[Work to be completed] What you return must match the listing below line for line, minus its pictures.

[Exercise data]
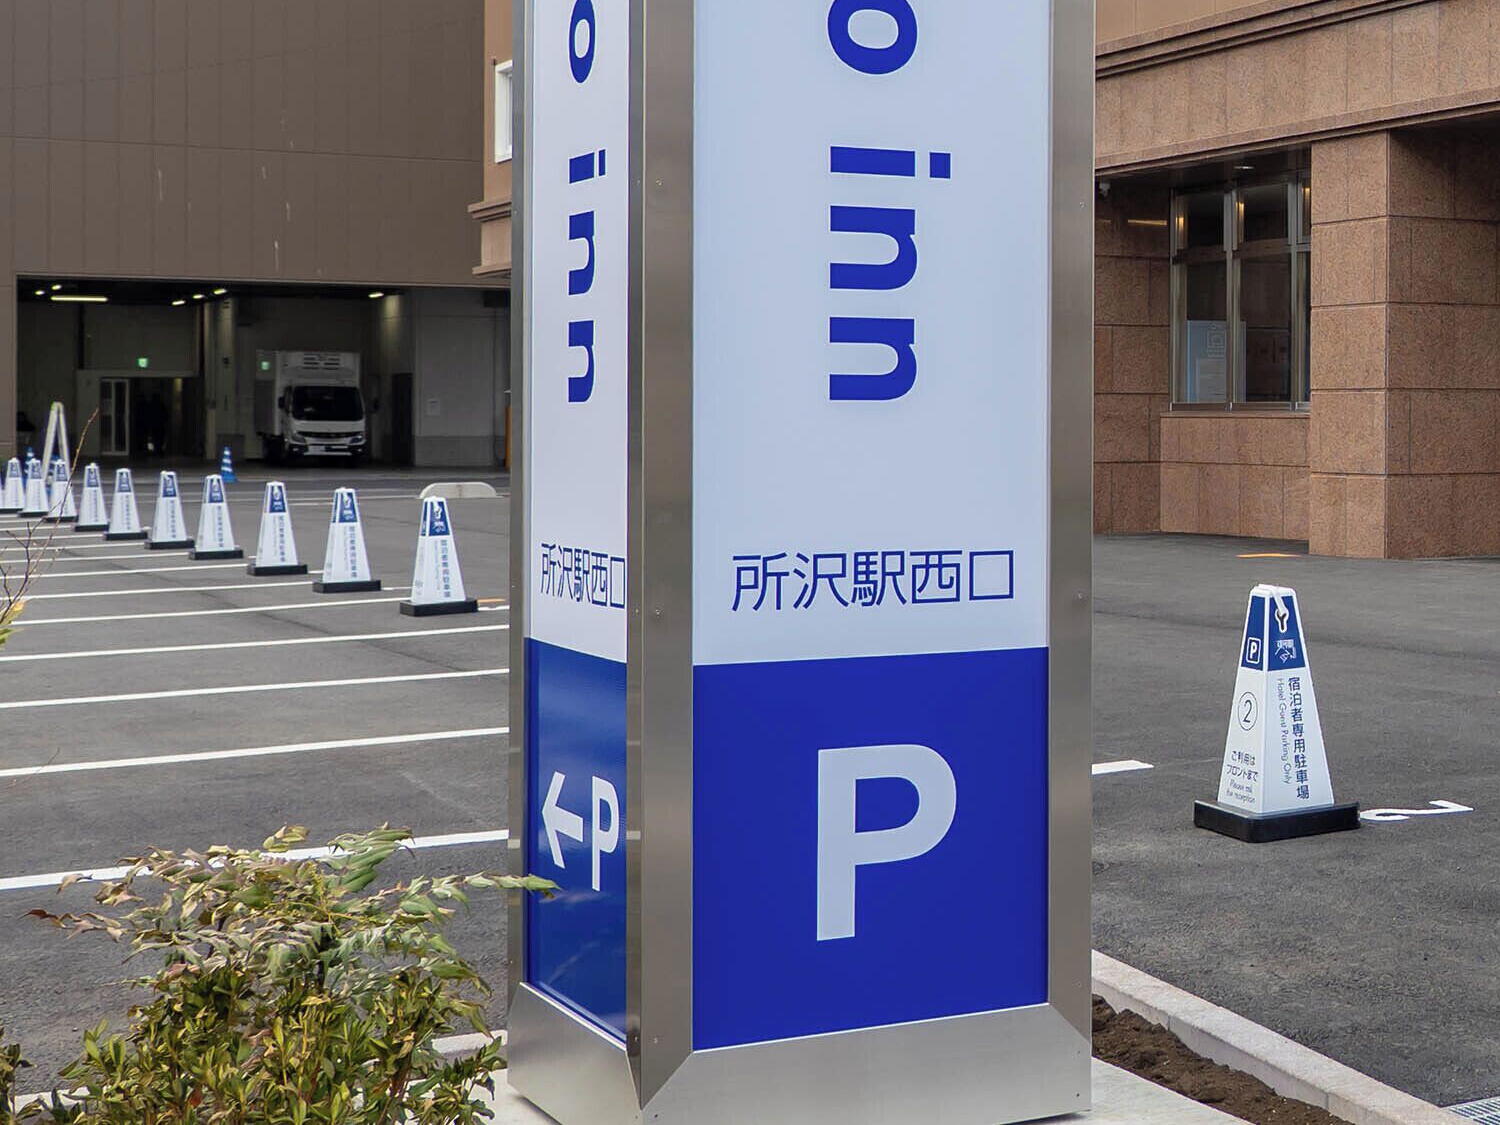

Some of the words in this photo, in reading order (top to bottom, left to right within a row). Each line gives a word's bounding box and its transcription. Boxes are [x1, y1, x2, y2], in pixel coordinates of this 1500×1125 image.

[568, 149, 606, 403] inn
[828, 146, 951, 401] inn
[540, 542, 626, 610] 所沢駅西口
[731, 549, 1015, 612] 所沢駅西口
[1249, 641, 1258, 659] P
[1288, 676, 1310, 800] 宿泊者専用駐車場
[591, 775, 621, 892] P
[816, 743, 958, 942] P

[Task solution]
Some of the words in this photo, in reading order (top to bottom, left to right within a row). Each line gives a word's bounding box and its transcription. Boxes are [x1, y1, x2, y2], in pixel coordinates of this 1500×1125 image.

[568, 149, 606, 403] inn
[828, 146, 951, 401] inn
[540, 542, 626, 610] 所沢駅西口
[731, 549, 1015, 612] 所沢駅西口
[1249, 641, 1258, 659] P
[1288, 676, 1310, 800] 宿泊者専用駐車場
[591, 775, 621, 892] P
[816, 743, 958, 942] P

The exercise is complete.